*Aim of the exercise*.
Except for the pictures, write out all the records that follow exactly.

--- Data records Enclosed Below ---

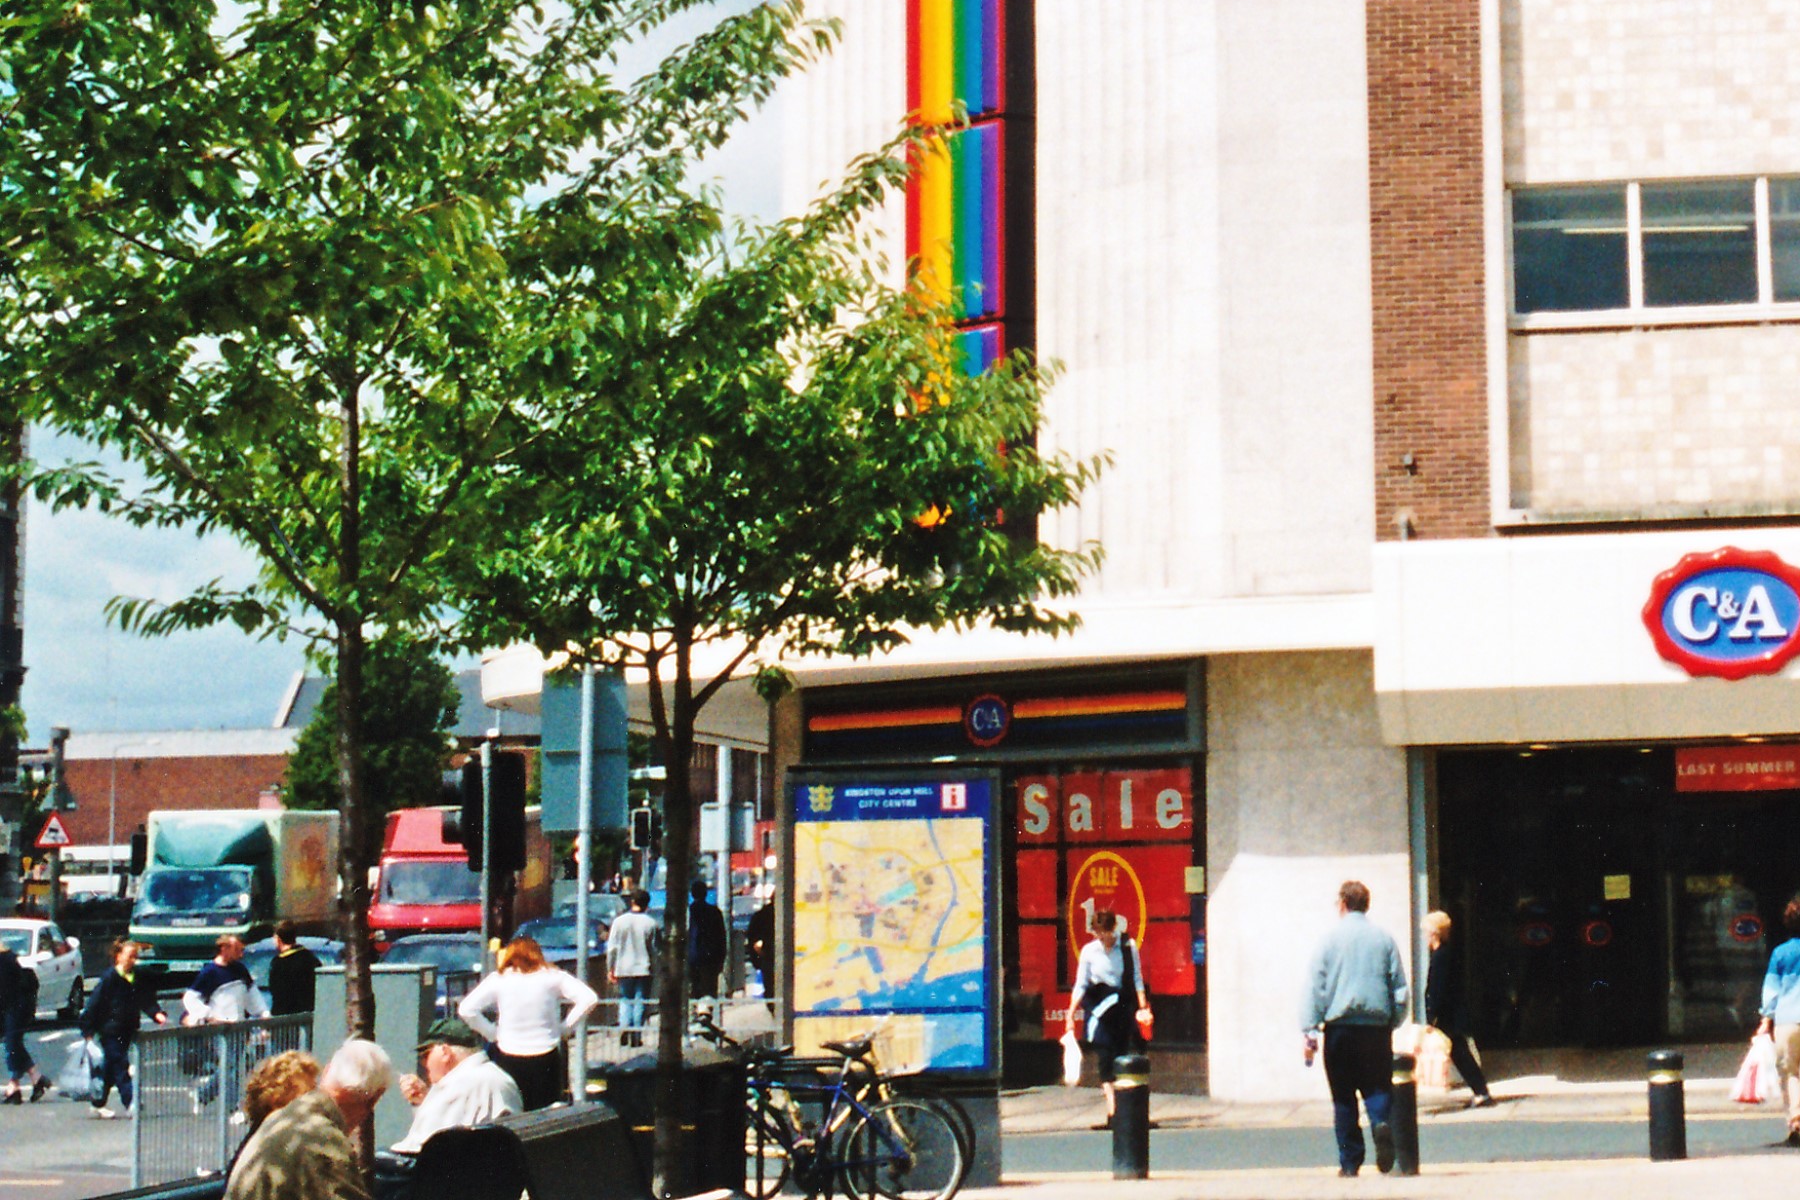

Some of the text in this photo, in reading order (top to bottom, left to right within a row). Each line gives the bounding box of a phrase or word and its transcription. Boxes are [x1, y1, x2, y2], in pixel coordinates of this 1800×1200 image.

[1673, 584, 1788, 642] C&A
[1677, 762, 1716, 776] LAST
[1722, 759, 1796, 775] SUMMER
[858, 798, 918, 809] CITY CENTRE
[1023, 778, 1184, 835] Sale
[1089, 866, 1119, 888] SALE

--- End of Enclosed Data records ---

*Solution for this task*.
Some of the text in this photo, in reading order (top to bottom, left to right within a row). Each line gives the bounding box of a phrase or word and its transcription. Boxes are [x1, y1, x2, y2], in pixel coordinates of this 1800×1200 image.

[1673, 584, 1788, 642] C&A
[1677, 762, 1716, 776] LAST
[1722, 759, 1796, 775] SUMMER
[858, 798, 918, 809] CITY CENTRE
[1023, 778, 1184, 835] Sale
[1089, 866, 1119, 888] SALE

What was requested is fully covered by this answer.